Since cardiopulmonary bypass may upregulate the expression of systemic tissue factor, the main focus of concern has been inappropriate thrombosis associated with rFVIIa use in the cardiac surgical setting. Interestingly, the incidence of adverse thrombotic events is almost zero in the paediatric population. This may have something to do with their naive vascular endothelium. Observational uncontrolled data from the US Food and Drug Administration adverse event reporting system reveals an alarming 1 in 50 thromboembolic complication rate (associated with a 0.5% mortality) when “off label” rFVIIa is used in a diverse range of patients [13]. In cardiac surgery, mortality and complication rates of patients who have failed to respond to standard transfusion therapy and then received rFVIIa are within range of 19% to 40%. The lack of control patients in most of these case series makes it difficult to determine whether the reported adverse events are related to the administration of rFVIIa or the critical unstable condition of patients when they received rFVIIa [14,15,16,17]. When rFVIIa has been used on a compassionate basis to reduce uncontrolled bleeding in 51 patients after cardiac surgery, propensity matching techniques to adjust for baseline risks demonstrated that the rates of serious adverse events were equivalent [18]. In a group of patients with very high risk of stroke, a matched analysis of patients receiving rFVIIa after major ascending and aortic arch reconstructive surgery suggested stroke rates were equal [19]. A recent multicentre randomized clinical trial of rFVIIa in patients actively bleeding after cardiac surgery showed a non-significant trend to an increase in the rates of thromboembolic complications.

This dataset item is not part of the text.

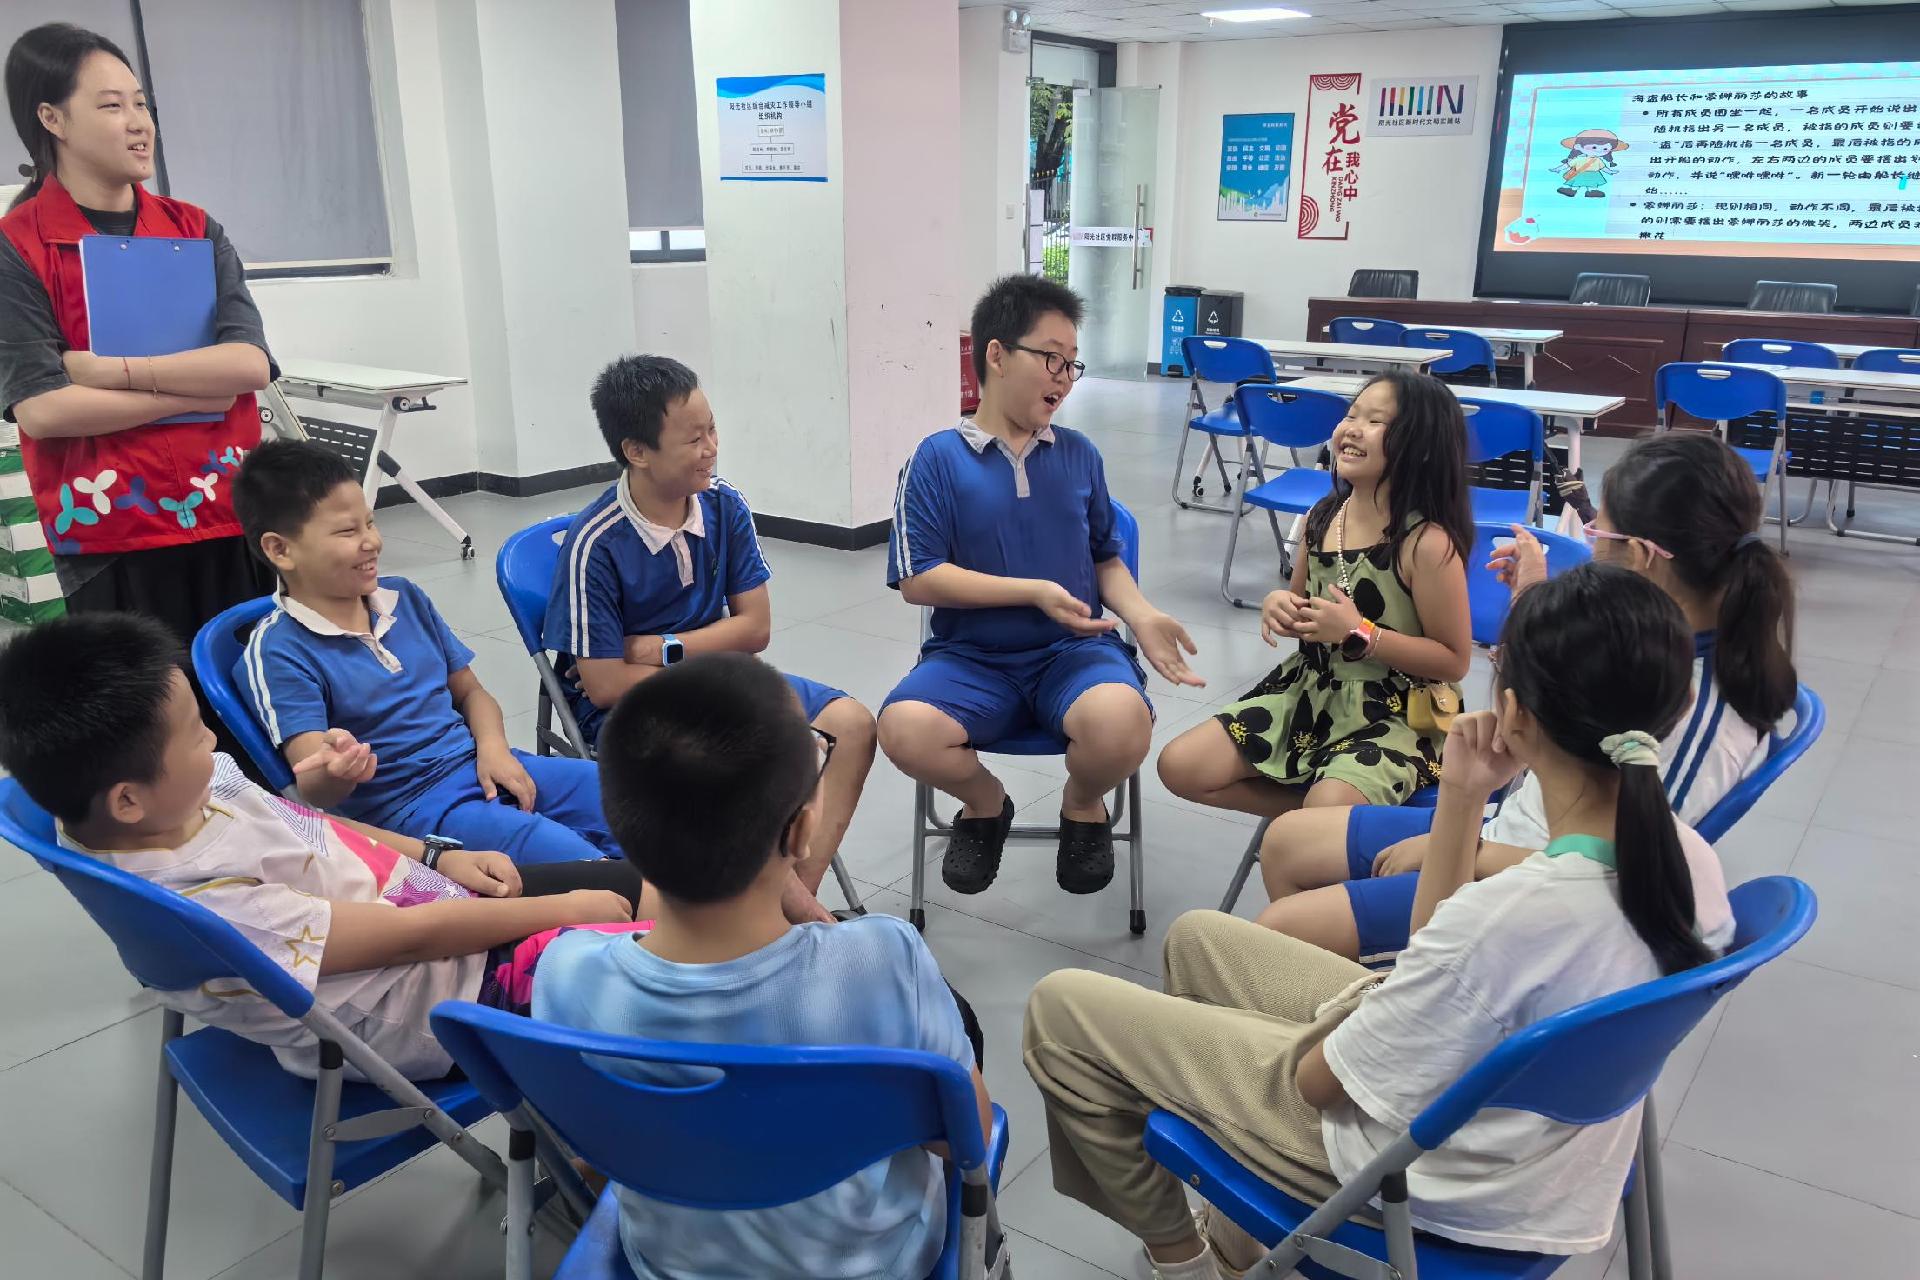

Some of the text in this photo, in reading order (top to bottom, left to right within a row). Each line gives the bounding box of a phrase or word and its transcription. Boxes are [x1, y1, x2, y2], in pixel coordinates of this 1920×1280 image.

[1631, 89, 1808, 103] 海盗船长和蒙娜丽莎的故事

This trial demonstrated a 50 % reduction in reoperation rates for bleeding and as expected a marked dose-dependant decrease in transfusion rates in those patients randomized to rFVIIa [11].

Discussion

There appears to be general agreement that rFVIIa has the potential to reduce bleeding, blood product administration and re-operation rates post-cardiac surgery. However, these are not outcomes in themselves, and the true risks of its use in this setting remain to be elucidated, especially when it is administered with other potent pro-haemostatic agents. The under-powering of trials performed to date mean that differentiation between adverse events arising specifically from rFVIIa use, and arising generally from the critical condition of those receiving is currently impossible. There has also been a lack of longer-term follow-up in studies in this context. Thus, it remains to be seen whether rFVIIa use may reduce the mid- to late-term complications of red cell transfusion, such as pulmonary dysfunction and sepsis. There is currently no consensus on the appropriate “off-label” dose of rFVIIa. Since the thrombin-generation response to VIIa depends on the availability of other coagulation factors and platelets, it would seem that the ‘optimal’ rFVIIa dose will vary according to the degree of transfusion of other blood products. This will need to be accounted for when planning future studies. Given the uncontested efficacy of rFVIIa in preventing and reducing bleeding and transfusion, it’s “off label” use is likely to continue.

Clinicians must be aware of both the potential risk and benefits when using this potent thrombin-generating agent. It is our institutional practice to use it in the operating room at a dose of 90 mcg/Kg to ensure there is no obvious correctable surgical source of blood loss, and to be certain that bleeding has stopped before the chest is closed.